- Your instructions:
Exclude the pictures, then repeat the remaining data exactly.

*** Extracted data ***

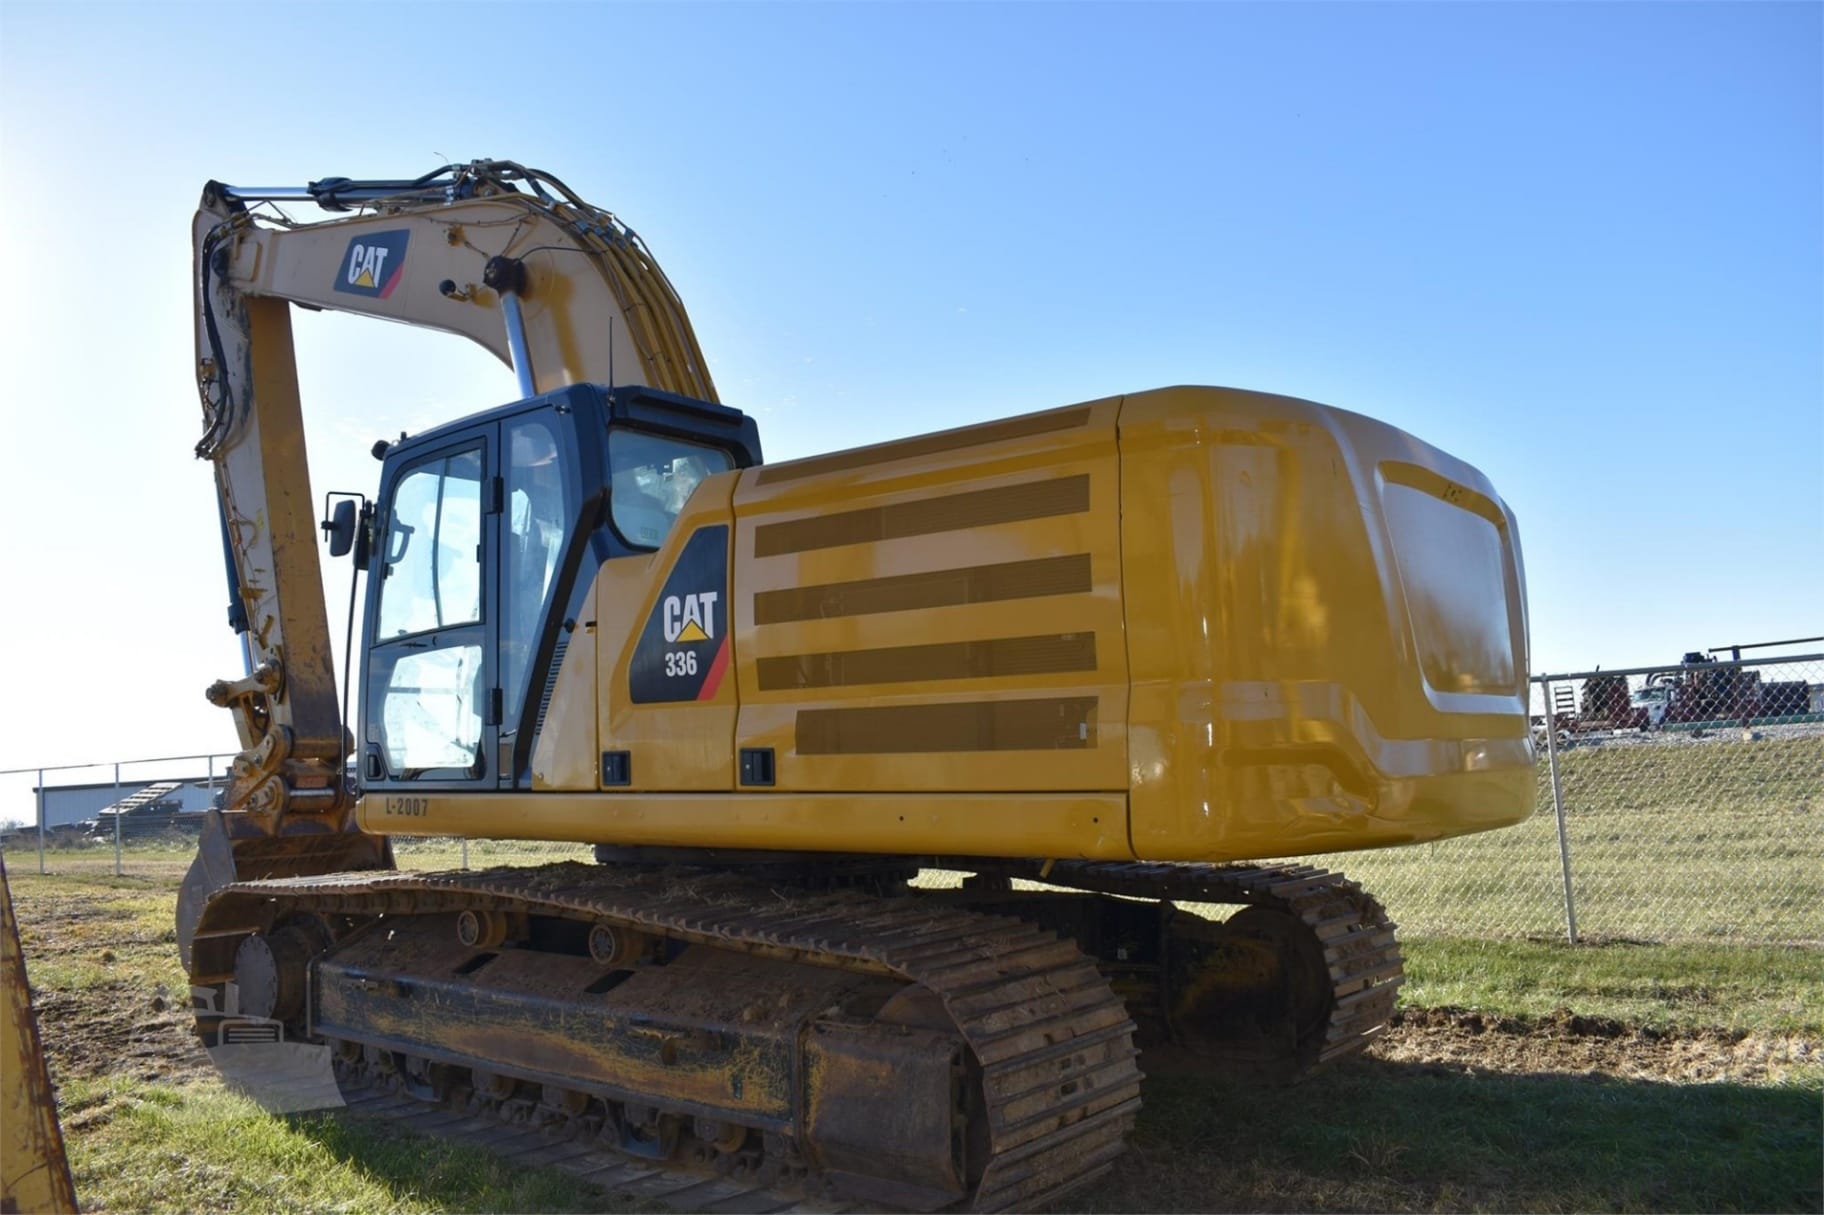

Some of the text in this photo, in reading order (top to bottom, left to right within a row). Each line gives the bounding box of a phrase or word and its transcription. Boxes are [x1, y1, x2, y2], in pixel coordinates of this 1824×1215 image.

[348, 244, 388, 288] CAT
[664, 592, 718, 643] CAT
[665, 651, 697, 677] 336
[386, 797, 428, 816] L-2007

*** End of Extracted data ***

- Answer space:
Some of the text in this photo, in reading order (top to bottom, left to right within a row). Each line gives the bounding box of a phrase or word and its transcription. Boxes are [x1, y1, x2, y2], in pixel coordinates of this 1824×1215 image.

[348, 244, 388, 288] CAT
[664, 592, 718, 643] CAT
[665, 651, 697, 677] 336
[386, 797, 428, 816] L-2007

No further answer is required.